The goal of this study was to assess changes in the mineralizing osteoblasts transcriptome upon TENT5A knockout in mice. Neonatal calvarial and adult long-bones osteoblasts were isolated from TENT5A KO or WT mice. Adult osteoblasts were passaged 3 times before harvesting. Neonatal osteoblasts were passage once, after reaching the confluency cells were either harvested (for D0 timepoint) or medium was changed to differentiation medium (MEM alpha supplemented with 10% FBS, 50 µg/ml sodium ascorbate (Sigma) and 10 mM ßglycerophosphate (Roth) and cultured for 14 days with medium change 2 times per week and harvested (for D14 timepoint). Total RNA was isolated with TRIzol (Thermo Fisher Scientific) according to the manufacturer's instructions, dissolved in nuclease-free water and stored at -80°C. The cap-enriched mRNA was prepared from 100?µg of total RNA with GST-eIF4EK119A protein and glutathione sepharose 4B (GE Healthcare), as described previously (Bilska et al., 2020).
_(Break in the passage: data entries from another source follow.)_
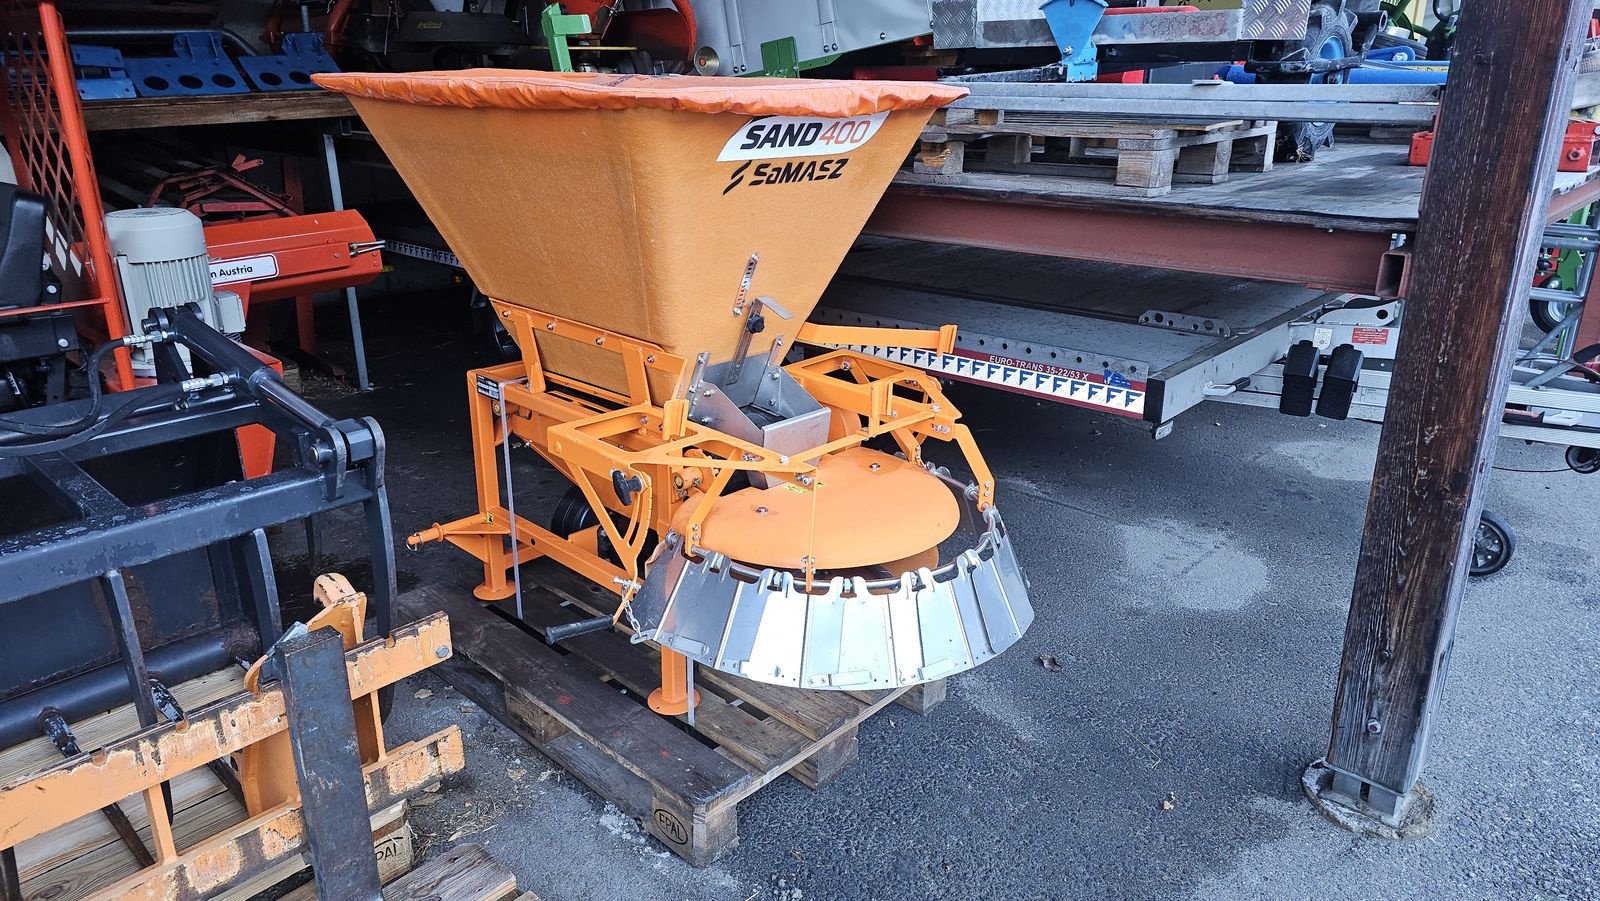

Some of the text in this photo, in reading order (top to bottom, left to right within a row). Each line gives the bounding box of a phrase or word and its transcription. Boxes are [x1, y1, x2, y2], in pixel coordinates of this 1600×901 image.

[219, 265, 253, 277] Austria
[990, 355, 1089, 381] EURO-TRANS 35-22/53 X
[659, 812, 684, 842] EPAL
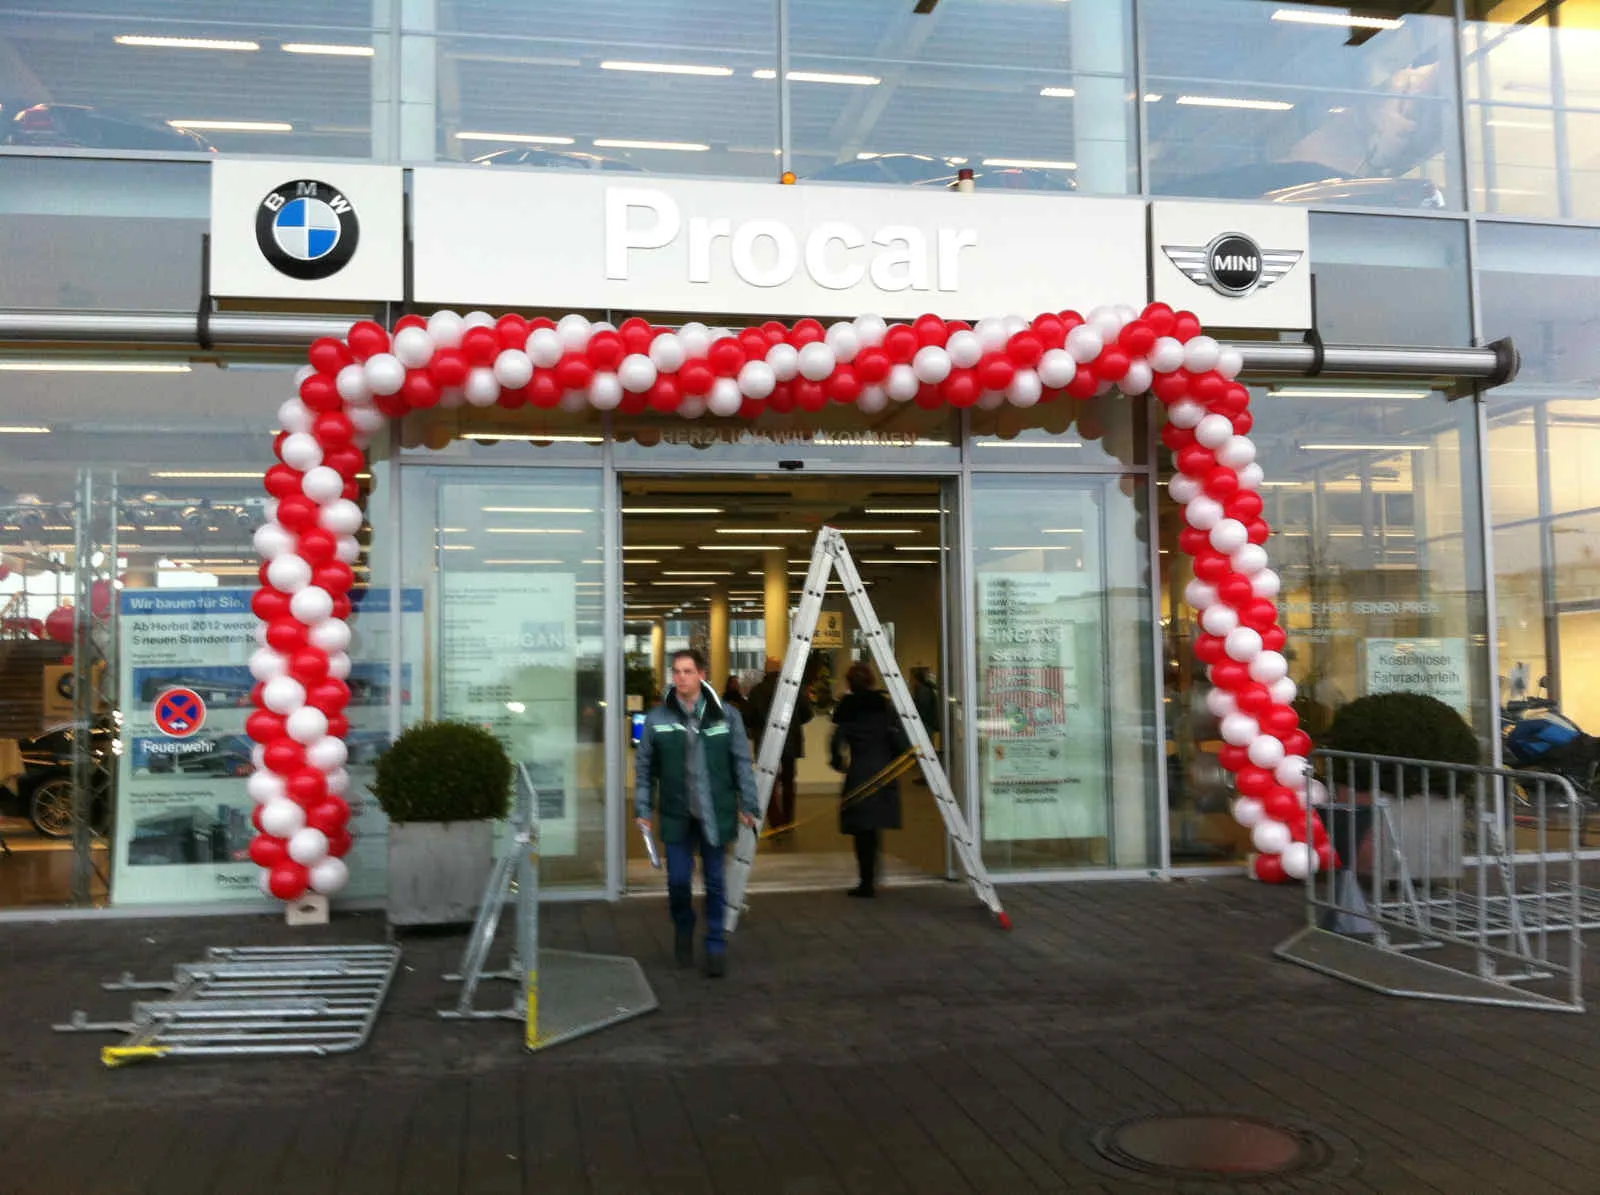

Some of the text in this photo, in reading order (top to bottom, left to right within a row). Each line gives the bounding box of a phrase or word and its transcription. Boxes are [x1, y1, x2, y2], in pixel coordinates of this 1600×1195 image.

[263, 181, 352, 215] BMW
[605, 186, 978, 292] Procar
[1214, 255, 1257, 272] MINI
[659, 428, 768, 445] HERZLICH
[130, 598, 153, 609] Wir
[156, 597, 196, 609] bauen
[133, 621, 150, 632] Ab
[142, 635, 178, 646] neuen
[1378, 654, 1452, 668] Kostenloser
[1373, 670, 1461, 685] Fahrradverleih
[143, 739, 216, 753] Feuerwehr
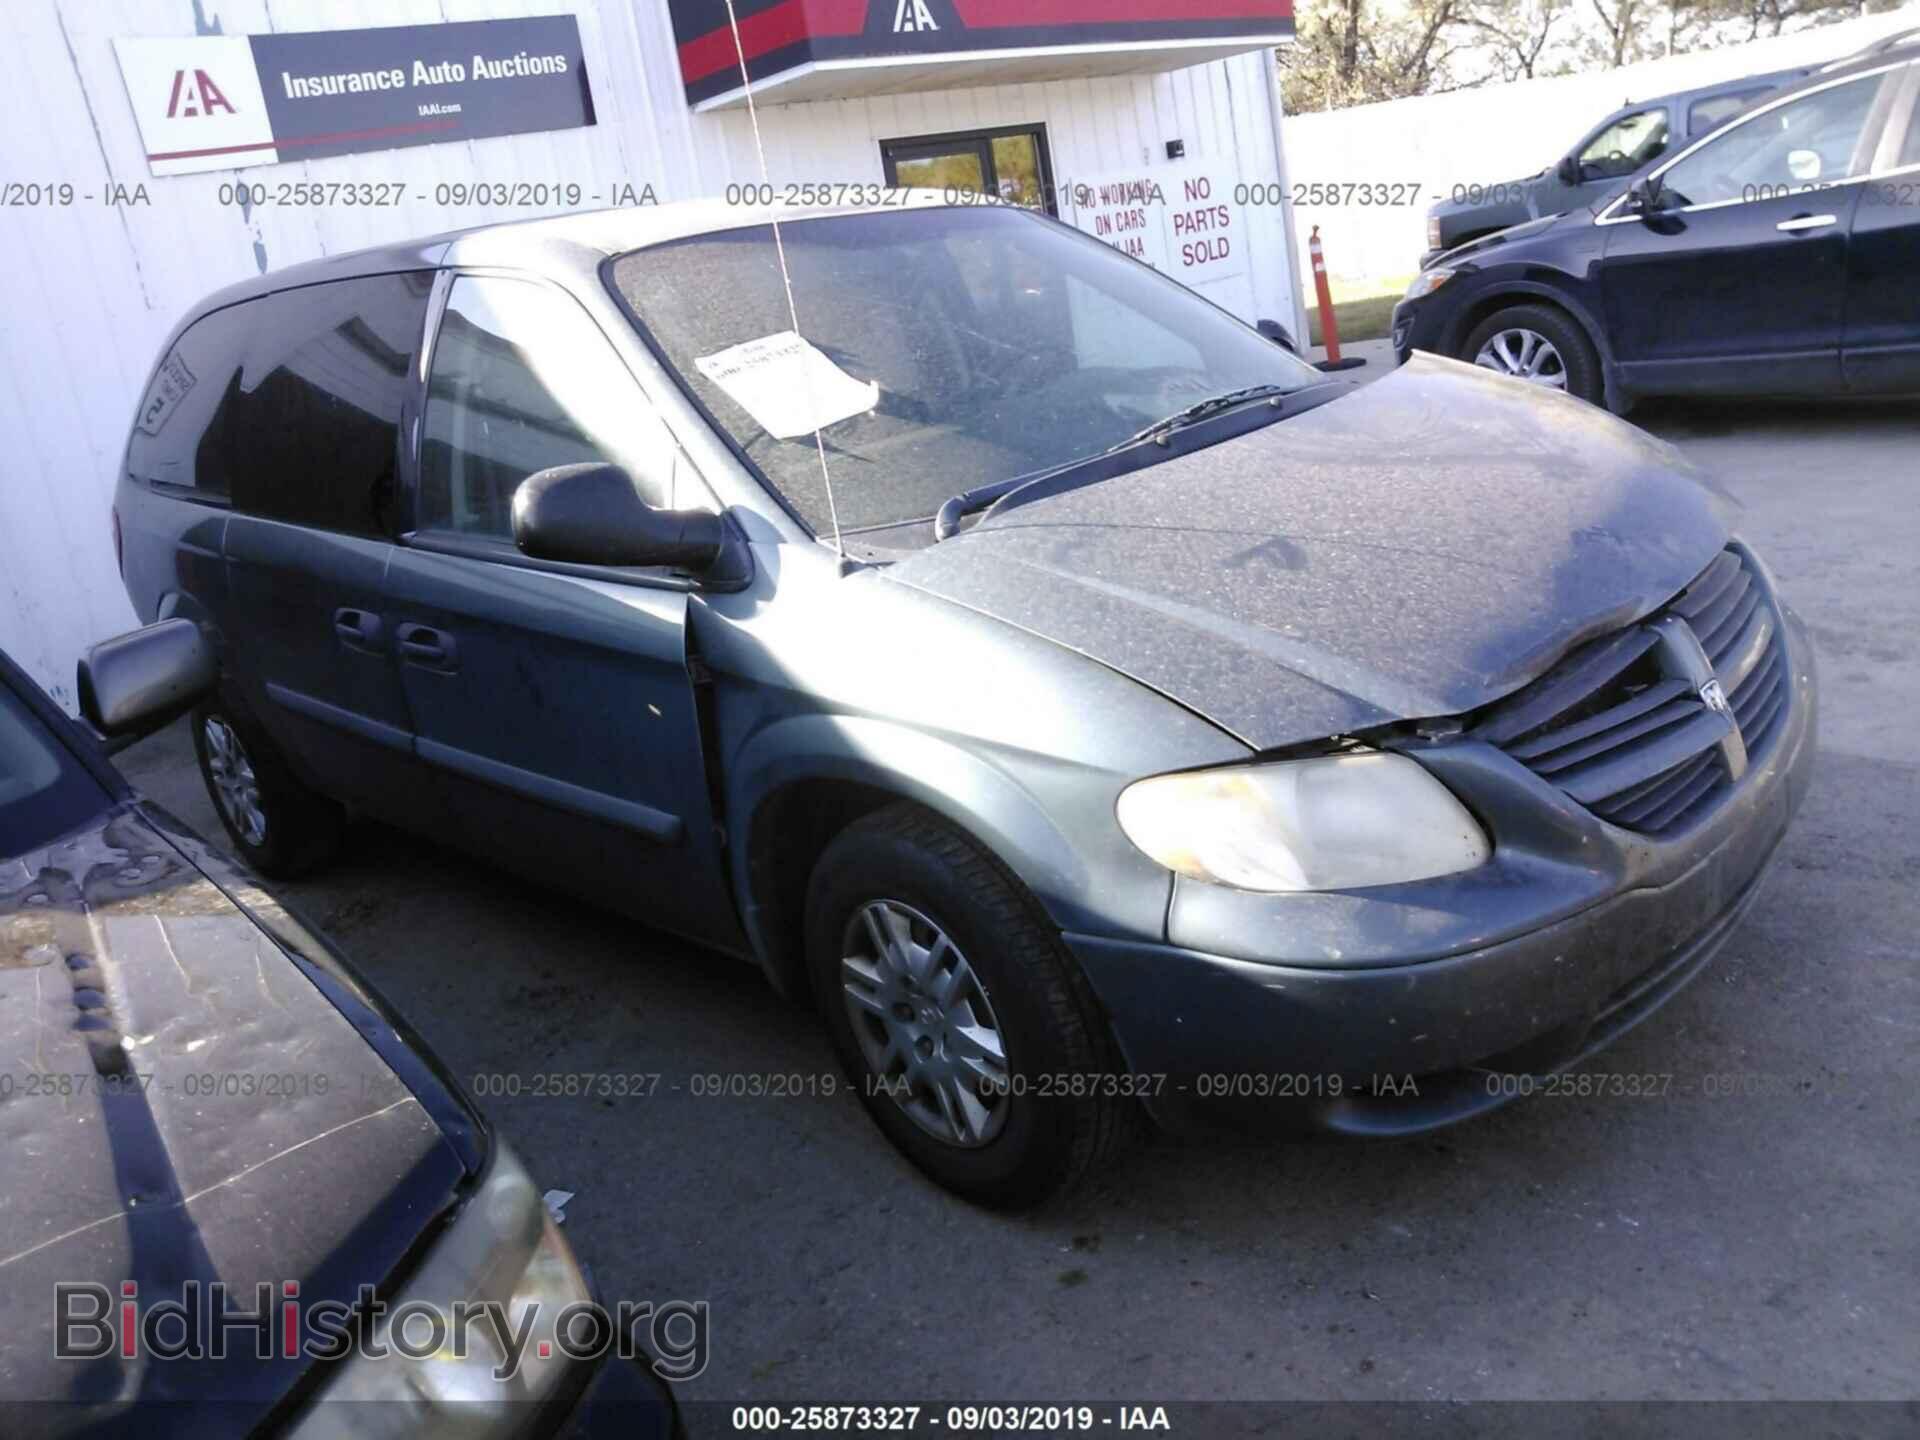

Nanopore Direct RNA libraries were prepared using Direct RNA Sequencing KIT SQK-RNA002 (ONT) according to the manufacturer's instructions, from 5 ug of murine cap-enriched mRNA and, for better sequencing efficiency, mixed with the 100-150?ng of Saccharomyces cerevisiae oligo(dT)-enriched mRNA. Sequencing was performed with the MinION device and basecalled using Guppy (ONT).